Voorbericht
Dit handboek wil in niet te beknopten vorm een inzicht geven in de ontwikkeling van onze litteraire kunst, het groote geheel in zijn wording laten zien, op belangrijke détails een helder licht laten vallen.
Ik heb hierbij niet gestreefd naar onpersoonlijkheid. Waar ik schoonheid vond, daar heb ik getuigd; wat mij minderwaardig leek, heb ik als zoodanig gesignaleerd. De noodzakelijke dorheid en eentonigheid, die met een bloote meedeeling van de feiten gepaard moet gaan, heb ik daardoor misschien kunnen vermijden.
Men zal het natuurlijk niet altijd met mij eens zijn; moge het boek dan prikkelen tot eigen verder onderzoek, tot het bevestigen of zuiveren van eigen gevoel en oordeel.
Het kan zijn nut hebben er hier, vooral in verband met de bibliografische aanteekeningen, aan te herinneren, dat de eerste aflevering van het boek reeds in Juli 1914 afgedrukt was. Van betrekkelijke volledigheid kon bij deze notities natuurlijk geen sprake zijn. Zij geven slechts het voornaamste dat over de verschillende onderwerpen is geschreven. En daar ik slechts een zeer beperkt gebruik kon maken van onze groote openbare bibliotheken, kan mij nog licht iets zeer belangrijks ontsnapt zijn.
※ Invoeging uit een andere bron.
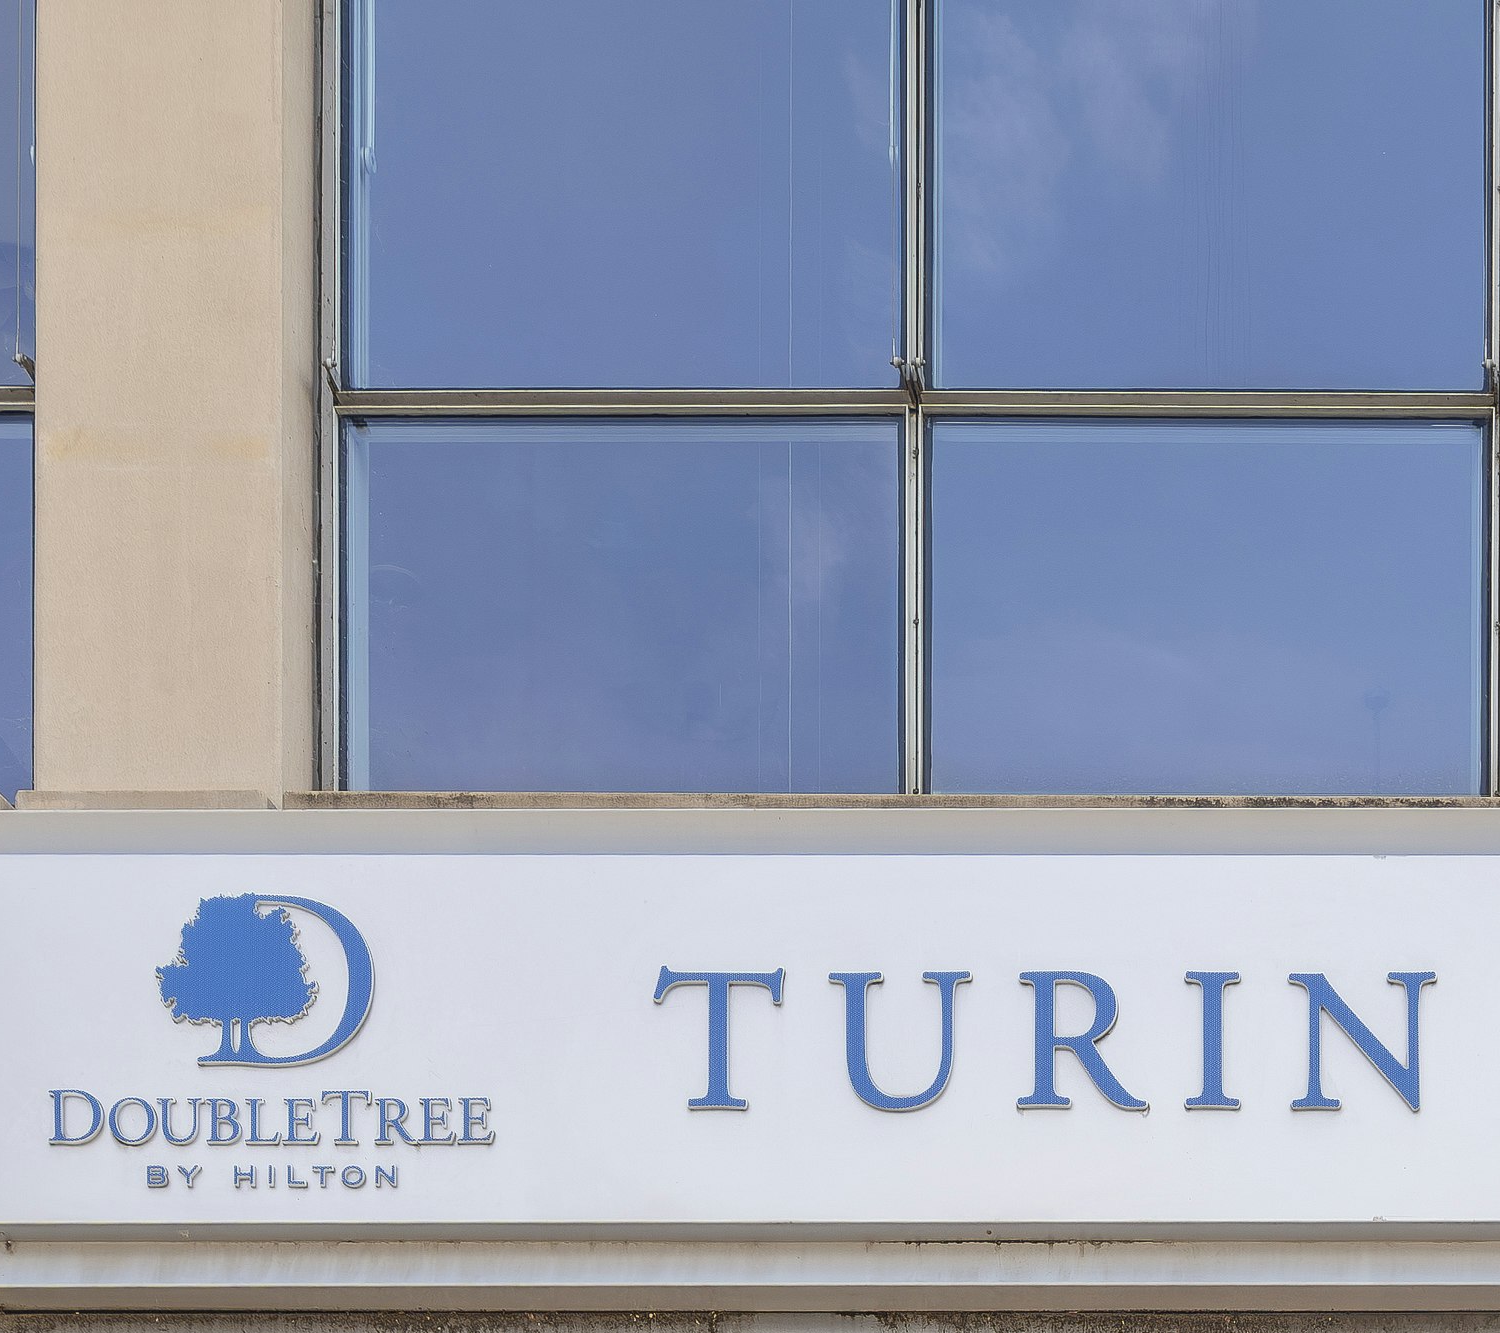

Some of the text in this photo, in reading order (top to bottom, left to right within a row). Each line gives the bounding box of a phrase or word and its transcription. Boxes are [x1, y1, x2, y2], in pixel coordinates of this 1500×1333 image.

Te beginnen met afl. 3 was dr. J.A. Vor der Hake te Rotterdam zoo welwillend de proeven mee te corrigeeren. Hem hiervoor mijn dank.
Nijmegen, April 1916.
J. prinsen J. Lz.
In den derden druk zijn de bibliografische aanteekeningen aangevuld. De tekst onderging noodig gebleken wijzigingen en toevoegingen.
De Heer P.J.C. de Boer, litt. cand., verdient mijn hartelijken dank voor zijn hulp bij de correctie.
Amsterdam 1927.
J. prinsen J. Lz.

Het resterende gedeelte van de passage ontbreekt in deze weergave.